Kilka dni temu gorzej się poczułam. Na początku zlekceważyłam to jako skutek uboczny okresu lub początek infekcji. Zaczęło się trochę jak grypa: bóle mięśni, uczucie rozbicia, poty, fale gorąca. Ciężko mi się oddychało. Jednak nie pojawił się kaszel, katar ani nic takiego. Lekko pobolewało mnie gardło, zdarza mi się kichnąć, to tyle. Potem pocenie minęło, ale nadal czuję się "rozedrgana", mam przyśpieszony puls, ale nie kołatania serca. Ciśnienie też ok. Cały czas czuję się "chora", zmęczona i osłabiona, rano bolał mnie brzuch, natomiast codziennie wieczorem pojawia się narastający ból głowy w skroniach i lekki ucisk w gardle. Naprawdę nie wiem, co o tym myśleć, jaka może być przyczyna.
Mam 24 lata, nie choruję przewlekle, mam nadwagę. Rok temu badałam tarczycę i TSH wyszło w normie.
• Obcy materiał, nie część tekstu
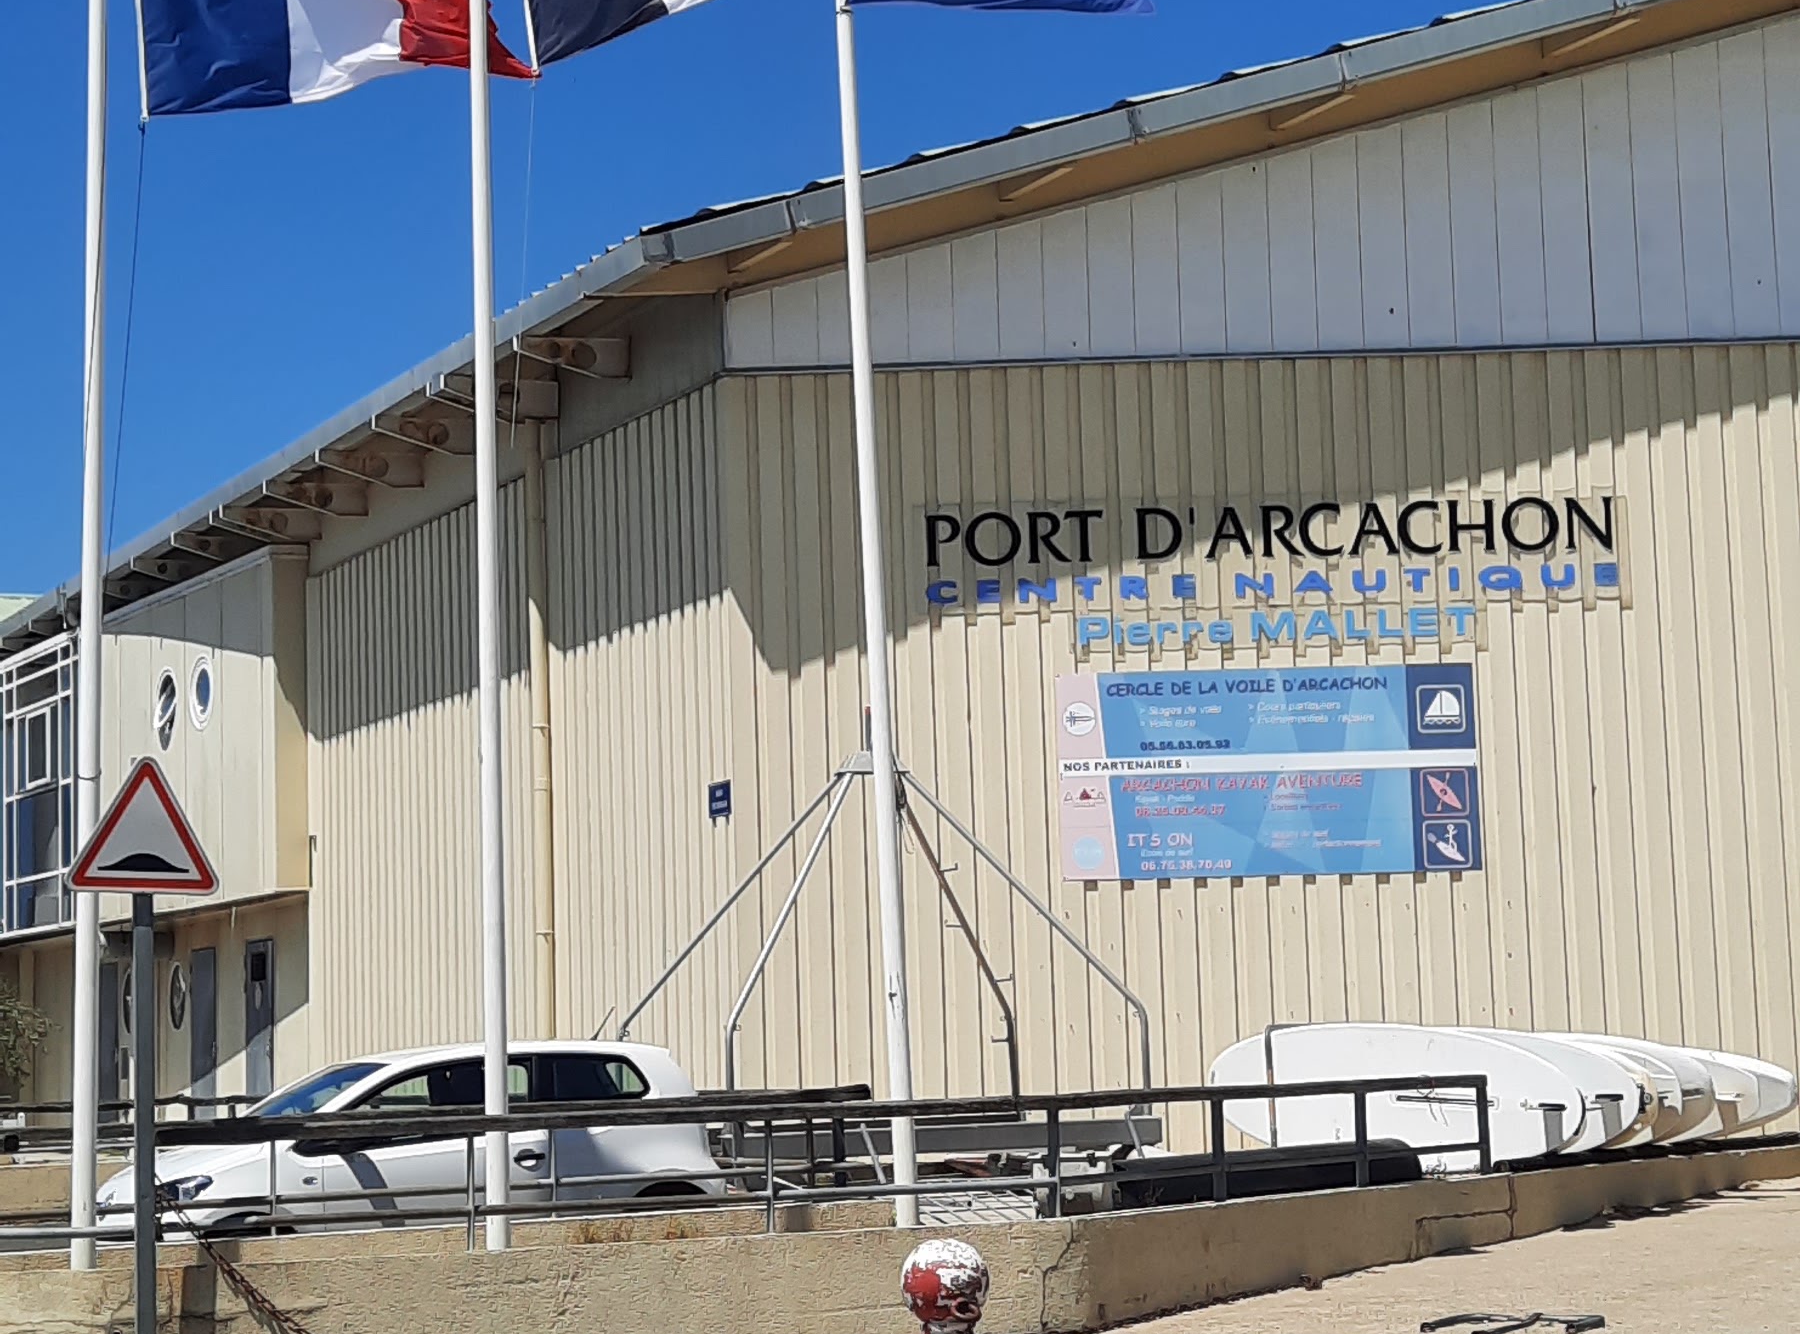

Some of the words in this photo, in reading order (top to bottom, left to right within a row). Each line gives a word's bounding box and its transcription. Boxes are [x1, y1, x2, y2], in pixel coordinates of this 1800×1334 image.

[925, 509, 1104, 567] PORT
[1134, 496, 1614, 560] D'ARCACHON
[926, 573, 1197, 603] CENTRE
[1235, 563, 1620, 599] NAUTIQUE
[1079, 615, 1234, 646] Pierre
[1251, 606, 1476, 642] MALLET
[1106, 682, 1164, 697] CERCLE
[1171, 681, 1191, 695] DE
[1198, 681, 1218, 695] LA
[1225, 678, 1276, 694] VOILE
[1282, 676, 1388, 692] D'ARCACHON
[1063, 762, 1090, 772] NOS
[1094, 759, 1182, 771] PARTENAIRES
[1120, 777, 1211, 792] ARCACHON
[1216, 774, 1270, 791] KAYAK
[1276, 772, 1363, 789] AVENTURE
[1167, 831, 1194, 847] ON
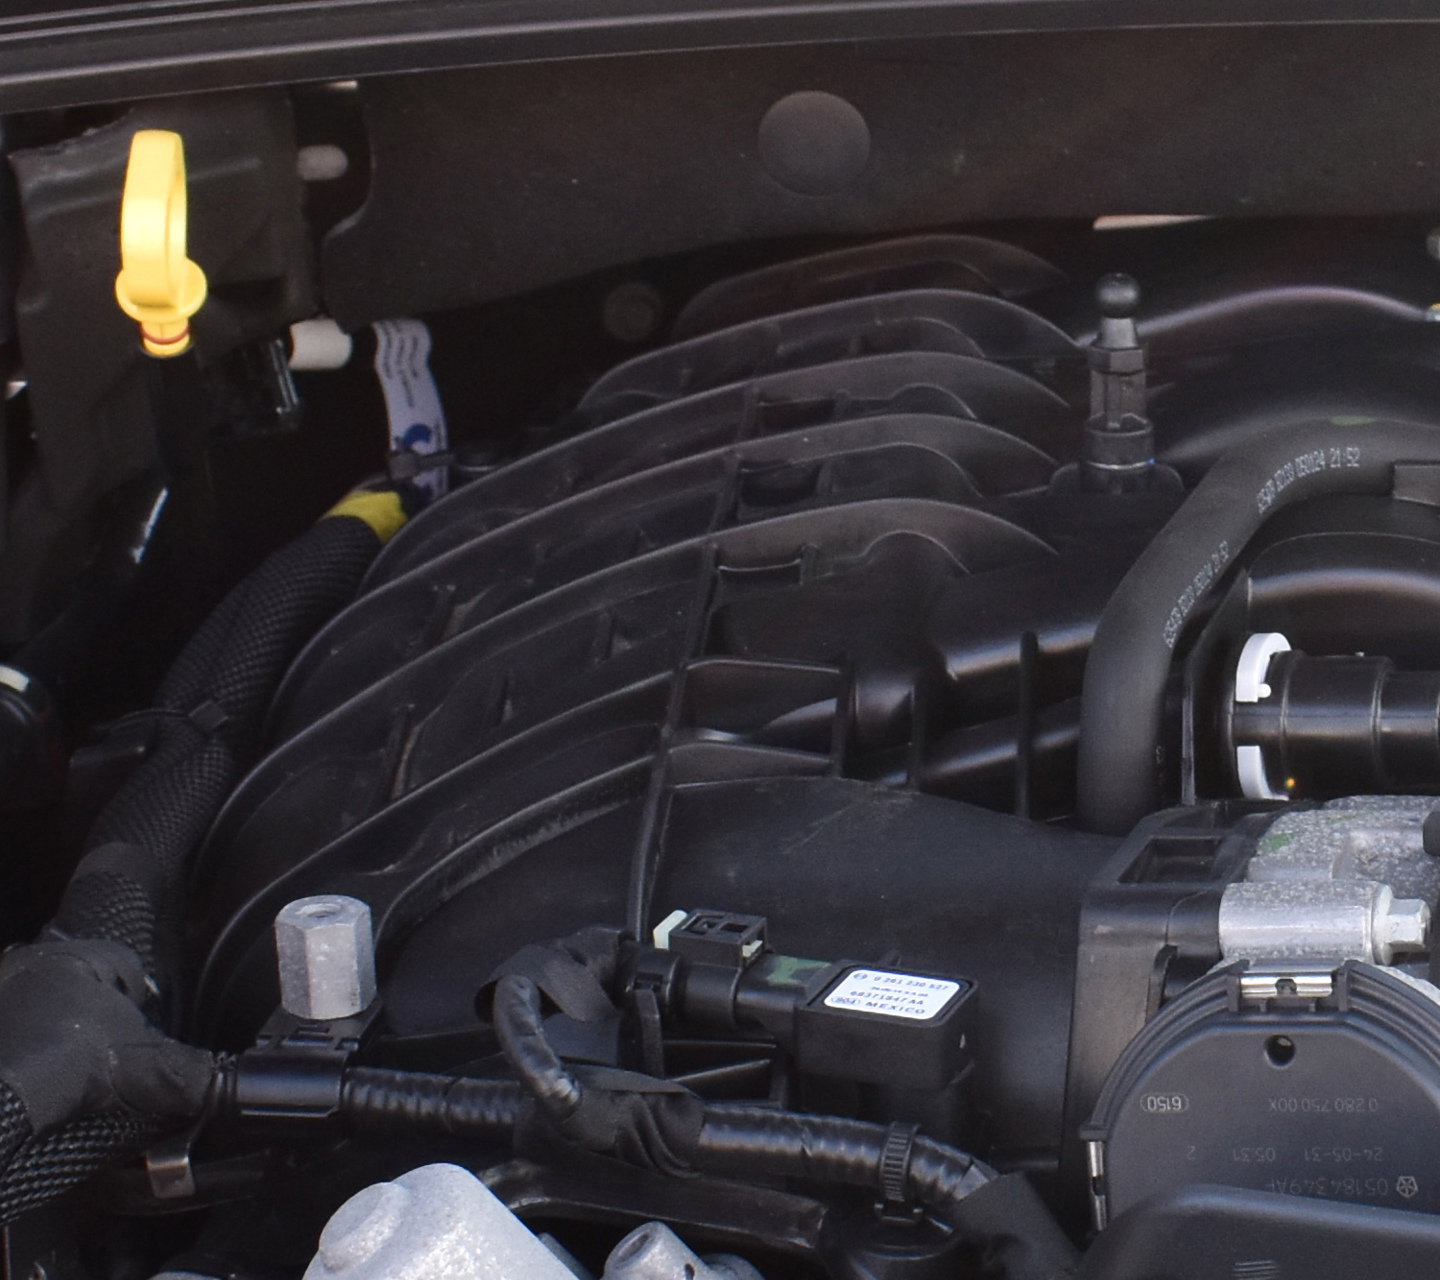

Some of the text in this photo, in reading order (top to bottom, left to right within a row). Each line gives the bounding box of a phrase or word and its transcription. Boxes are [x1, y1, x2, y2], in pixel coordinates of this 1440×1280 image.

[865, 1001, 926, 1015] MEXICO
[1146, 1095, 1183, 1111] 6150
[1304, 1147, 1384, 1162] 24-05-31
Dziś robiłam RTG klatki piersiowej, w piątek idę na morfologię i mocz (z innego powodu, bo muszę te badania wykonać). Z wynikami oczywiście pójdę do lekarza. Ale po za tym jestem przerażona, nie wiem od czego zacząć, co mi może być. Rodzice podejrzewają, że to na tle nerwowym, każą nie przesadzać. A ja chciałabym wiedzieć, czy to może być po prostu jakaś infekcja czy coś poważnego i czy ktoś spotkał się z czymś takim.